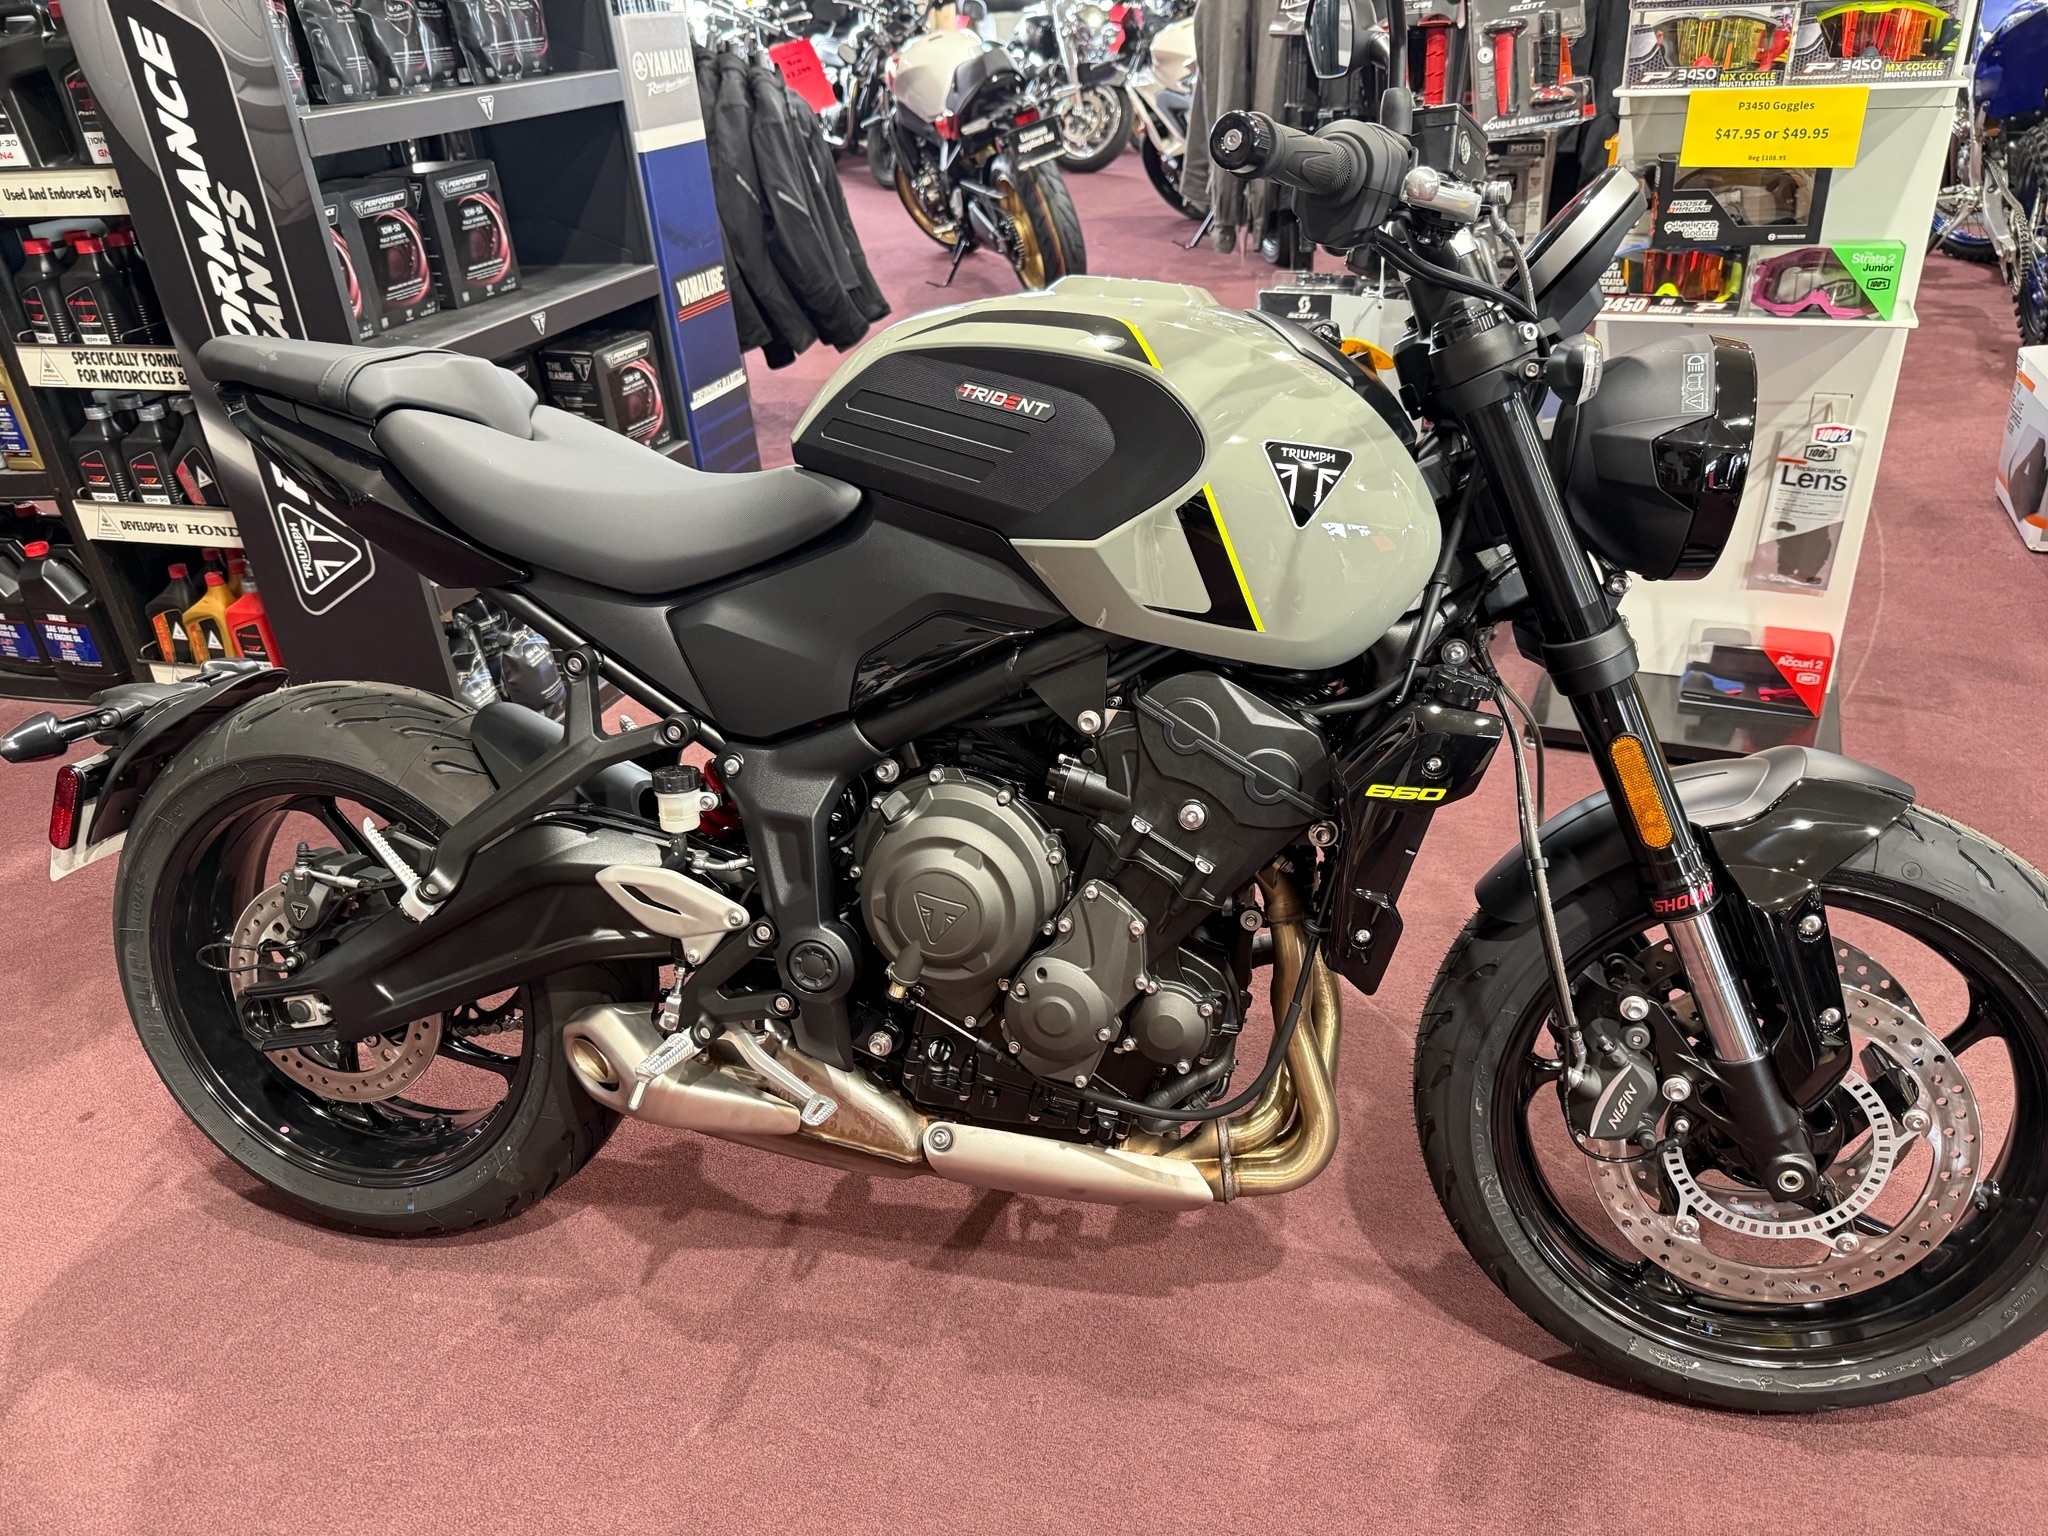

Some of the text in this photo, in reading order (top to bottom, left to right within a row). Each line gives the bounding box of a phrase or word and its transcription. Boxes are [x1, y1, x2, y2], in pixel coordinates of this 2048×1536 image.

[1509, 1, 1546, 12] SCOTT
[644, 47, 693, 78] YAMAHA
[1841, 58, 1883, 71] 3450
[1885, 62, 1944, 71] MX GOGGLE
[1677, 68, 1717, 80] 3450
[1719, 72, 1776, 81] MX GOGGLE
[1884, 70, 1943, 78] MULTILAYERED
[1738, 101, 1815, 112] P3450 Goggles
[1482, 109, 1580, 132] DOUBLE DENSITY GRIPS
[1715, 127, 1829, 141] $47.95 or $49.95
[1510, 144, 1540, 153] MOTO
[3, 188, 26, 201] Used
[29, 187, 47, 200] And
[49, 186, 93, 200] Endorsed
[93, 186, 107, 202] By
[1683, 230, 1718, 238] GOGGLE
[1852, 253, 1897, 264] Strata 2
[1862, 263, 1894, 273] Junior
[675, 265, 726, 307] YAMALUBE
[1286, 312, 1319, 320] SCOTT
[72, 351, 140, 367] SPECIFICALLY
[546, 361, 563, 372] THE
[77, 369, 188, 385] FOR MOTORCYCLES &
[547, 372, 575, 382] RANGE
[961, 383, 1051, 416] TRIDENT
[1817, 428, 1850, 442] 100%
[1281, 447, 1336, 463] TRIUMPH
[1794, 464, 1842, 474] Replacement
[1780, 465, 1848, 491] Lens
[120, 520, 241, 537] DEVELOPED BY HOND
[288, 522, 314, 579] TRIUMPH
[1777, 656, 1825, 669] Accuri 2
[1365, 784, 1447, 801] 660

Exercise objective >>
Should there be pictures in the data, leave them out and return the rest exactly.

Your response >>
Some of the text in this photo, in reading order (top to bottom, left to right within a row). Each line gives the bounding box of a phrase or word and its transcription. Boxes are [x1, y1, x2, y2], in pixel coordinates of this 2048×1536 image.

[1509, 1, 1546, 12] SCOTT
[644, 47, 693, 78] YAMAHA
[1841, 58, 1883, 71] 3450
[1885, 62, 1944, 71] MX GOGGLE
[1677, 68, 1717, 80] 3450
[1719, 72, 1776, 81] MX GOGGLE
[1884, 70, 1943, 78] MULTILAYERED
[1738, 101, 1815, 112] P3450 Goggles
[1482, 109, 1580, 132] DOUBLE DENSITY GRIPS
[1715, 127, 1829, 141] $47.95 or $49.95
[1510, 144, 1540, 153] MOTO
[3, 188, 26, 201] Used
[29, 187, 47, 200] And
[49, 186, 93, 200] Endorsed
[93, 186, 107, 202] By
[1683, 230, 1718, 238] GOGGLE
[1852, 253, 1897, 264] Strata 2
[1862, 263, 1894, 273] Junior
[675, 265, 726, 307] YAMALUBE
[1286, 312, 1319, 320] SCOTT
[72, 351, 140, 367] SPECIFICALLY
[546, 361, 563, 372] THE
[77, 369, 188, 385] FOR MOTORCYCLES &
[547, 372, 575, 382] RANGE
[961, 383, 1051, 416] TRIDENT
[1817, 428, 1850, 442] 100%
[1281, 447, 1336, 463] TRIUMPH
[1794, 464, 1842, 474] Replacement
[1780, 465, 1848, 491] Lens
[120, 520, 241, 537] DEVELOPED BY HOND
[288, 522, 314, 579] TRIUMPH
[1777, 656, 1825, 669] Accuri 2
[1365, 784, 1447, 801] 660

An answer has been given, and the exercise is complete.